Dropping assumption #1 and keeping assumption #2 gives you a wide-character encoding. Unicode and UCS-2 were originally designed to use a 16-bit fixed-width encoding, which would allow for 65,536 characters. Early adopters of Unicode, such as Sun (for Java) and Microsoft (for NT) used UCS-2.

However, a few years later, it was realized that even that wasn’t enough for everybody, so the Unicode code range was expanded. Now if you want a fixed-width encoding, you have to use UTF-32.

But Sun and Microsoft had written huge APIs based around 16-bit characters, and weren’t enthusiastic about rewriting them for 32-bit. Fortunately, there was still a block of 2048 unassigned characters out of the original 65,536-character “Basic Multilingual Plane”, which could be assigned as “surrogates” to be used in pairs to represent supplementary characters: the UTF-16 encoding form. Unfortunately, UTF-16 meets neither of the original two assumptions: It’s both non-8-bit and variable-width.

In summary:

Use UTF-8 when the assumption of 8-bit code units is important.

This applies to:

  • Filenames and related OS calls on Unix systems, which had an established tradition of allowing variable-width encodings, but can’t accept '\x00 bytes within strings and thus can’t use UTF-16 or UTF-32. In fact, UTF-8 was originally designed for a Unix-based OS (Plan 9).
  • Communications protocols designed around streams of octets.
  • Anything that requires binary compatibility with US-ASCII but gives no special treatment to byte values above 127.

Use UTF-32 when the assumption of a fixed-width encoding is important.

This is useful when you care about the properties of characters as opposed to their encoding, such as the Unicode equivalents to the ctypes.h functions like isalpha, isdigit, toupper, etc.

Use UTF-16 when neither assumption is that important, but your platform used to use UCS-2.

Are you writing for Windows, or for the .NET framework designed for it? For Java? Then UTF-16 is your default string type; might as well use it.

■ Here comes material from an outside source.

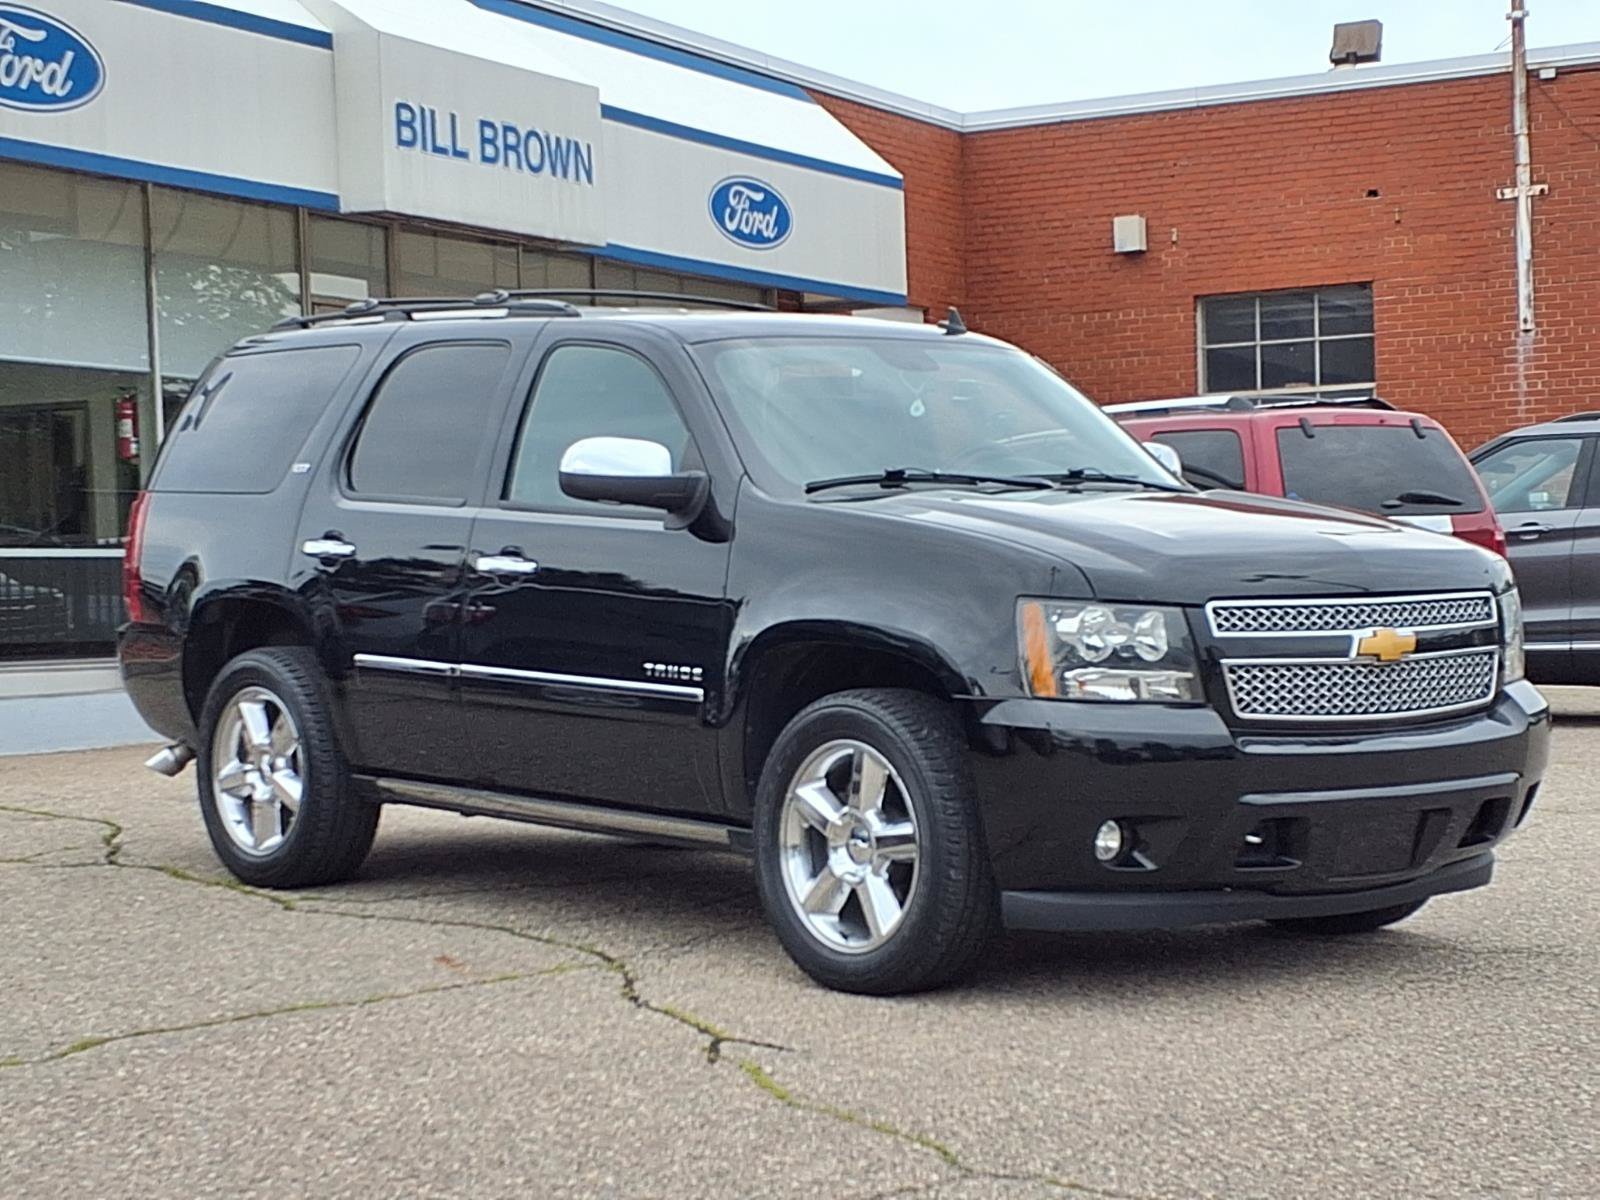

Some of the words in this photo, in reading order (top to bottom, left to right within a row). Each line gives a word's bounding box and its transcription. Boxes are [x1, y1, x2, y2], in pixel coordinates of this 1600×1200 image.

[395, 102, 469, 160] BILL
[479, 119, 593, 185] BROWN
[724, 185, 778, 239] Ford

Since you are using C#, all of your strings will be encoded in UTF-16. ASP.NET will encode the actual HTML pages in UTF-8, but this is done behind the scenes and you don’t need to care.

Size considerations

The three UTF encoding forms require different amounts of memory to represent a character:

  • Characters U+0000 to U+007F (ASCII) require 1 byte in UTF-8, 2 bytes in UTF-16, or 4 bytes in UTF-32.
  • Characters U+0080 to U+07FF (IPA symbols, Greek, Cyrillic, Armenian, Hebrew, Arabic, Syriac, Thaana, NKo) require 2 bytes in UTF-8, 2 bytes in UTF-16, or 4 bytes in UTF-32.
  • Characters U+0800 to U+FFFF (the rest of the BMP, mostly for Asian languages) require 3 bytes in UTF-8, 2 bytes in UTF-16, or 4 bytes in UTF-32.
  • Characters U+10000 to U+10FFFF require 4 bytes in all three encoding forms.

Thus, if you want to save space, use UTF-8 if your characters are mostly ASCII, or UTF-16 if your characters are mostly Asian.